Кока отвернулась к окну и стала с раздражением закуривать. Я молча держал перед ней зажигалку. Интересно, а сама Кока читала модного в среде советской интеллигенции в 60-е годы Альбера Камю? Скорей всего, нет. Но мне, честно говоря, наплевать на ее образованность.

— Кока, и мой отец, и Вениамин Александрович давно умерли, а Николетта вляпалась в идиотскую историю. Зачем вас потащило в стрип-клуб?

— Из любопытства, — ответила она. — Один раз мы ехали вместе из гостей на моей машине, и тут колесо прокололось. Мы вышли. Ну представь, стоим на шпильках, в вечерних платьях, правда, в шубах, но у меня под юбкой нет белья, думаю, у твоей мамаши тоже…

— Почему? — изумился я.

— Дурачок, — снисходительно улыбнулась Кока, — так почти все одеваются, юбка лучше сидит. Одним словом, начали замерзать, и тут видим вывеску: «Клуб „Желтая мельница“», мы и пошли туда. Кстати, место очень и очень приличное!

— Отчего вы так решили?

— А возле охранников какие-то девки толклись, но их внутрь не пустили, сказали: «Мест нет». Перед нами же двери мгновенно распахнули, мигом поняли, что пришли дамы из светского общества.

Забыв спросить разрешение, я потянулся к сигаретам. Глупость Коки обезоруживает. Секьюрити увидели двух пожилых, но хорошо сохранившихся и шикарно разодетых дам. Естественно, их без писка пустили в притон.

— Сколько раз вы там были?

— Ну… два, три, максимум пять.

— А потом решили повеселиться в злачном местечке на Новый год?

— И что плохого? — ринулась в атаку Кока. — Стол был хорош, концертная программа чудесная.

— Люди вашего круга не ходят в подобные места!

— А мы никому не рассказывали, впрочем, на Новый год можно, — как ни в чем не бывало заявила Кока.

Так, теперь понятно, откуда маменька знает, куда следует засовывать стриптизеру деньги. Полный негодования, я рассказал Коке все о Мише. Если кто и может повлиять на Николетту, так это заклятая подруга. Честно говоря, я ожидал, что она ужаснется и бросится к телефону. Наберет номер маменьки и заявит: «Имей в виду, дорогая, двери моего салона мигом закроются перед тобой, если выйдешь замуж за стриптизера».

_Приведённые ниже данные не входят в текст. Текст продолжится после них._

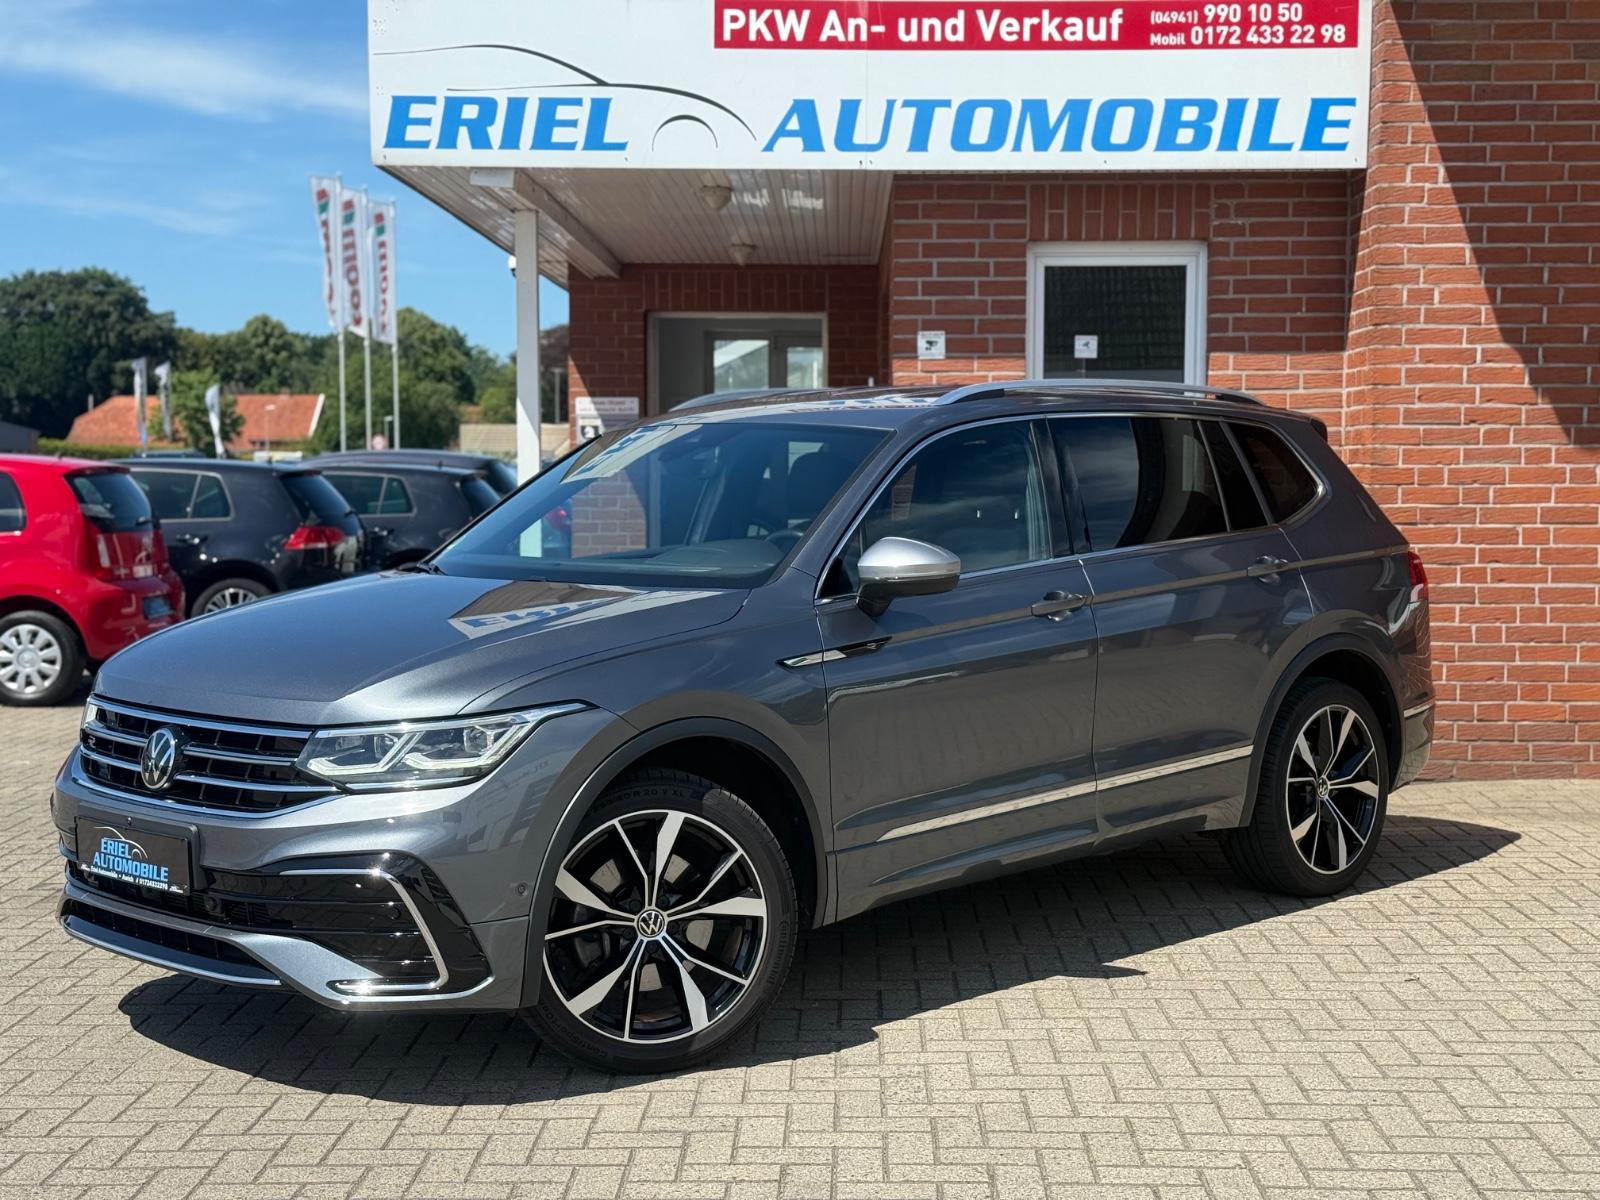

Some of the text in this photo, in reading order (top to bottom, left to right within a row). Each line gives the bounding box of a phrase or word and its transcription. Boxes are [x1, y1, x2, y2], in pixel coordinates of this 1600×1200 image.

Коку отличает редкостный снобизм. Она ни за что не пустит на свои антикварные диваны парня, пользующегося сомнительной репутацией. А Николетта не захочет прослыть дамой, которую не принимают у Коки. И потом, насколько я знаю маменьку, ей потребуется похвастаться кавалером. Тихо сидеть у телевизора, пусть даже в компании сверхмолодого мужа, это перспектива не для Николетты. Взвесив все «за» и «против», маменька выгонит Михаила. Но Кока удивила меня до крайности. Она не пришла в ужас, узнав, какая судьба постигла всех супруг альфонса. Нет, наоборот, Кока закатила глаза и прощебетала:

— Боже, как романтично! Умереть от любви! О такой смерти мечтает каждая женщина. Господи, как повезло Николетте! Скончаться в объятиях!

— Моя мать пока жива, — обозлился я.

— Ну да, верно, — остановилась на секунду Кока, но потом бодро продолжила: — Но ведь это вопрос времени?

Честно говоря, я растерялся.

— Кока! Вы желаете Николетте смерти?

— Что ты, Вава! — возмутилась светская львица. — Я просто сгораю от зависти, такое романтическое приключение. Меня, естественно, позовут подружкой невесты, придется шить розовое платье.